### Source data
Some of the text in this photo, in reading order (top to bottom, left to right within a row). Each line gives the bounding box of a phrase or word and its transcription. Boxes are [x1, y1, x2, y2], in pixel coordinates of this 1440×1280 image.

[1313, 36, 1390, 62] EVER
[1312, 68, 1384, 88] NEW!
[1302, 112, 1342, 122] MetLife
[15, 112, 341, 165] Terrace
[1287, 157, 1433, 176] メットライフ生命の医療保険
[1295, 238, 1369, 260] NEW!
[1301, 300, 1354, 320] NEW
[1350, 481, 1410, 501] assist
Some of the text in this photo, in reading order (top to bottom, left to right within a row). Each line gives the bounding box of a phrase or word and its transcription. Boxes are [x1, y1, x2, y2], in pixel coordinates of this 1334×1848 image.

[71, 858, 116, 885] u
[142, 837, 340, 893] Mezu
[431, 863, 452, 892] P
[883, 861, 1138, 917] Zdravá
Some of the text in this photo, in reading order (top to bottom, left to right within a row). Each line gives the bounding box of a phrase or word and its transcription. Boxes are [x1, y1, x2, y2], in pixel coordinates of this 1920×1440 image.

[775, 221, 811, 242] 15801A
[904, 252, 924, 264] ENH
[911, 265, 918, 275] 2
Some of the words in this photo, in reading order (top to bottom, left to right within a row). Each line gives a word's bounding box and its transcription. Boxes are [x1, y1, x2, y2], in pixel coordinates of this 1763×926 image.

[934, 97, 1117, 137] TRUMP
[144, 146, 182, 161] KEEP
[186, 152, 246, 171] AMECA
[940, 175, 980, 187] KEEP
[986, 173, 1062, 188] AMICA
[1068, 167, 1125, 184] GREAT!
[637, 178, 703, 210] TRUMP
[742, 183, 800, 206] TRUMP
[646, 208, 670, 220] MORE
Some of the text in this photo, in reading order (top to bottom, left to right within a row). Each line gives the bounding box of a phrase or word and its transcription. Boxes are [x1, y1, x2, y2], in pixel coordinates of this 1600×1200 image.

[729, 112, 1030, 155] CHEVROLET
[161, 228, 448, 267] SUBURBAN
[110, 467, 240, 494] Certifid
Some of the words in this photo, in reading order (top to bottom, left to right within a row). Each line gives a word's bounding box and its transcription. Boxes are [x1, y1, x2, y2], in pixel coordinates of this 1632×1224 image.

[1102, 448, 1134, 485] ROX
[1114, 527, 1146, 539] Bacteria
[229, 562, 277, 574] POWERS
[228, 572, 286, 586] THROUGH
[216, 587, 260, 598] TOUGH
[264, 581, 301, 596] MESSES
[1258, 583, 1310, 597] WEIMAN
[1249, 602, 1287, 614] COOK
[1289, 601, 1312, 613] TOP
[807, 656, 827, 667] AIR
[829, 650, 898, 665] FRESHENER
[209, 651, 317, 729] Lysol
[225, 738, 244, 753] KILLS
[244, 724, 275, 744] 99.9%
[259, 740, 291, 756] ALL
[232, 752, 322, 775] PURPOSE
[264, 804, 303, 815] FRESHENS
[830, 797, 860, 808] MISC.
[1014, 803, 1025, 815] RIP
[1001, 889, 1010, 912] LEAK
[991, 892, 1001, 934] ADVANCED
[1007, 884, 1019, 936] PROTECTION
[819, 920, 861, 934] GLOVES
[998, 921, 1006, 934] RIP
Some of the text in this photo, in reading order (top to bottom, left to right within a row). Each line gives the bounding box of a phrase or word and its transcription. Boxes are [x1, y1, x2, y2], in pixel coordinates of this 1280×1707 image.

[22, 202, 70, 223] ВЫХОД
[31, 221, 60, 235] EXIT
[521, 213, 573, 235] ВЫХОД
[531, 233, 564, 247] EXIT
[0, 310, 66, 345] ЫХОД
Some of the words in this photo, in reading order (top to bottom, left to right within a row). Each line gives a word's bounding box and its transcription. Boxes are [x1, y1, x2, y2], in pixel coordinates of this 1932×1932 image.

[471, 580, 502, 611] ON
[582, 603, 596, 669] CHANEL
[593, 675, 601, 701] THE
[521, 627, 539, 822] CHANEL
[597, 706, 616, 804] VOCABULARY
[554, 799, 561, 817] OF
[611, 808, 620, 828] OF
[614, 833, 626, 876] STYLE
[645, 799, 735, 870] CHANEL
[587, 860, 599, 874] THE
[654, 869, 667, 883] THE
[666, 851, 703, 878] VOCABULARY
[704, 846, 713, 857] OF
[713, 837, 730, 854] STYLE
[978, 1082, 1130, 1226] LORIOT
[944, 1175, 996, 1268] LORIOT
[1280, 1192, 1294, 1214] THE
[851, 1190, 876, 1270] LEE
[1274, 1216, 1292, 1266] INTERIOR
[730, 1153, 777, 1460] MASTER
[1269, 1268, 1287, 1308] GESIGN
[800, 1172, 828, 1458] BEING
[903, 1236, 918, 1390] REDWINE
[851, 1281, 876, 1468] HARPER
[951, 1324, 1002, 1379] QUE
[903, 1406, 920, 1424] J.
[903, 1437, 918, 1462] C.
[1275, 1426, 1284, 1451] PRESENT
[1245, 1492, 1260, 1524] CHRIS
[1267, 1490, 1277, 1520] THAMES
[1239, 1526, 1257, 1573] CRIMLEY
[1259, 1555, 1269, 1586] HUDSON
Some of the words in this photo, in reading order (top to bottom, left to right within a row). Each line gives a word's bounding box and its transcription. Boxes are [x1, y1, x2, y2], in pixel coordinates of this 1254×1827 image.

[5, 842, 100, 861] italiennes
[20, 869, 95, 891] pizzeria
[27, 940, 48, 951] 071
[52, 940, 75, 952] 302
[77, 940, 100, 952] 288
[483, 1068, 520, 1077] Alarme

### INSTRUCTIONS TO FOLLOW
Write the data above out again in full, exactly.

### ANSWER BELOW
Some of the text in this photo, in reading order (top to bottom, left to right within a row). Each line gives the bounding box of a phrase or word and its transcription. Boxes are [x1, y1, x2, y2], in pixel coordinates of this 1440×1280 image.

[1313, 36, 1390, 62] EVER
[1312, 68, 1384, 88] NEW!
[1302, 112, 1342, 122] MetLife
[15, 112, 341, 165] Terrace
[1287, 157, 1433, 176] メットライフ生命の医療保険
[1295, 238, 1369, 260] NEW!
[1301, 300, 1354, 320] NEW
[1350, 481, 1410, 501] assist
Some of the text in this photo, in reading order (top to bottom, left to right within a row). Each line gives the bounding box of a phrase or word and its transcription. Boxes are [x1, y1, x2, y2], in pixel coordinates of this 1334×1848 image.

[71, 858, 116, 885] u
[142, 837, 340, 893] Mezu
[431, 863, 452, 892] P
[883, 861, 1138, 917] Zdravá
Some of the text in this photo, in reading order (top to bottom, left to right within a row). Each line gives the bounding box of a phrase or word and its transcription. Boxes are [x1, y1, x2, y2], in pixel coordinates of this 1920×1440 image.

[775, 221, 811, 242] 15801A
[904, 252, 924, 264] ENH
[911, 265, 918, 275] 2
Some of the words in this photo, in reading order (top to bottom, left to right within a row). Each line gives a word's bounding box and its transcription. Boxes are [x1, y1, x2, y2], in pixel coordinates of this 1763×926 image.

[934, 97, 1117, 137] TRUMP
[144, 146, 182, 161] KEEP
[186, 152, 246, 171] AMECA
[940, 175, 980, 187] KEEP
[986, 173, 1062, 188] AMICA
[1068, 167, 1125, 184] GREAT!
[637, 178, 703, 210] TRUMP
[742, 183, 800, 206] TRUMP
[646, 208, 670, 220] MORE
Some of the text in this photo, in reading order (top to bottom, left to right within a row). Each line gives the bounding box of a phrase or word and its transcription. Boxes are [x1, y1, x2, y2], in pixel coordinates of this 1600×1200 image.

[729, 112, 1030, 155] CHEVROLET
[161, 228, 448, 267] SUBURBAN
[110, 467, 240, 494] Certifid
Some of the words in this photo, in reading order (top to bottom, left to right within a row). Each line gives a word's bounding box and its transcription. Boxes are [x1, y1, x2, y2], in pixel coordinates of this 1632×1224 image.

[1102, 448, 1134, 485] ROX
[1114, 527, 1146, 539] Bacteria
[229, 562, 277, 574] POWERS
[228, 572, 286, 586] THROUGH
[216, 587, 260, 598] TOUGH
[264, 581, 301, 596] MESSES
[1258, 583, 1310, 597] WEIMAN
[1249, 602, 1287, 614] COOK
[1289, 601, 1312, 613] TOP
[807, 656, 827, 667] AIR
[829, 650, 898, 665] FRESHENER
[209, 651, 317, 729] Lysol
[225, 738, 244, 753] KILLS
[244, 724, 275, 744] 99.9%
[259, 740, 291, 756] ALL
[232, 752, 322, 775] PURPOSE
[264, 804, 303, 815] FRESHENS
[830, 797, 860, 808] MISC.
[1014, 803, 1025, 815] RIP
[1001, 889, 1010, 912] LEAK
[991, 892, 1001, 934] ADVANCED
[1007, 884, 1019, 936] PROTECTION
[819, 920, 861, 934] GLOVES
[998, 921, 1006, 934] RIP
Some of the text in this photo, in reading order (top to bottom, left to right within a row). Each line gives the bounding box of a phrase or word and its transcription. Boxes are [x1, y1, x2, y2], in pixel coordinates of this 1280×1707 image.

[22, 202, 70, 223] ВЫХОД
[31, 221, 60, 235] EXIT
[521, 213, 573, 235] ВЫХОД
[531, 233, 564, 247] EXIT
[0, 310, 66, 345] ЫХОД
Some of the words in this photo, in reading order (top to bottom, left to right within a row). Each line gives a word's bounding box and its transcription. Boxes are [x1, y1, x2, y2], in pixel coordinates of this 1932×1932 image.

[471, 580, 502, 611] ON
[582, 603, 596, 669] CHANEL
[593, 675, 601, 701] THE
[521, 627, 539, 822] CHANEL
[597, 706, 616, 804] VOCABULARY
[554, 799, 561, 817] OF
[611, 808, 620, 828] OF
[614, 833, 626, 876] STYLE
[645, 799, 735, 870] CHANEL
[587, 860, 599, 874] THE
[654, 869, 667, 883] THE
[666, 851, 703, 878] VOCABULARY
[704, 846, 713, 857] OF
[713, 837, 730, 854] STYLE
[978, 1082, 1130, 1226] LORIOT
[944, 1175, 996, 1268] LORIOT
[1280, 1192, 1294, 1214] THE
[851, 1190, 876, 1270] LEE
[1274, 1216, 1292, 1266] INTERIOR
[730, 1153, 777, 1460] MASTER
[1269, 1268, 1287, 1308] GESIGN
[800, 1172, 828, 1458] BEING
[903, 1236, 918, 1390] REDWINE
[851, 1281, 876, 1468] HARPER
[951, 1324, 1002, 1379] QUE
[903, 1406, 920, 1424] J.
[903, 1437, 918, 1462] C.
[1275, 1426, 1284, 1451] PRESENT
[1245, 1492, 1260, 1524] CHRIS
[1267, 1490, 1277, 1520] THAMES
[1239, 1526, 1257, 1573] CRIMLEY
[1259, 1555, 1269, 1586] HUDSON
Some of the words in this photo, in reading order (top to bottom, left to right within a row). Each line gives a word's bounding box and its transcription. Boxes are [x1, y1, x2, y2], in pixel coordinates of this 1254×1827 image.

[5, 842, 100, 861] italiennes
[20, 869, 95, 891] pizzeria
[27, 940, 48, 951] 071
[52, 940, 75, 952] 302
[77, 940, 100, 952] 288
[483, 1068, 520, 1077] Alarme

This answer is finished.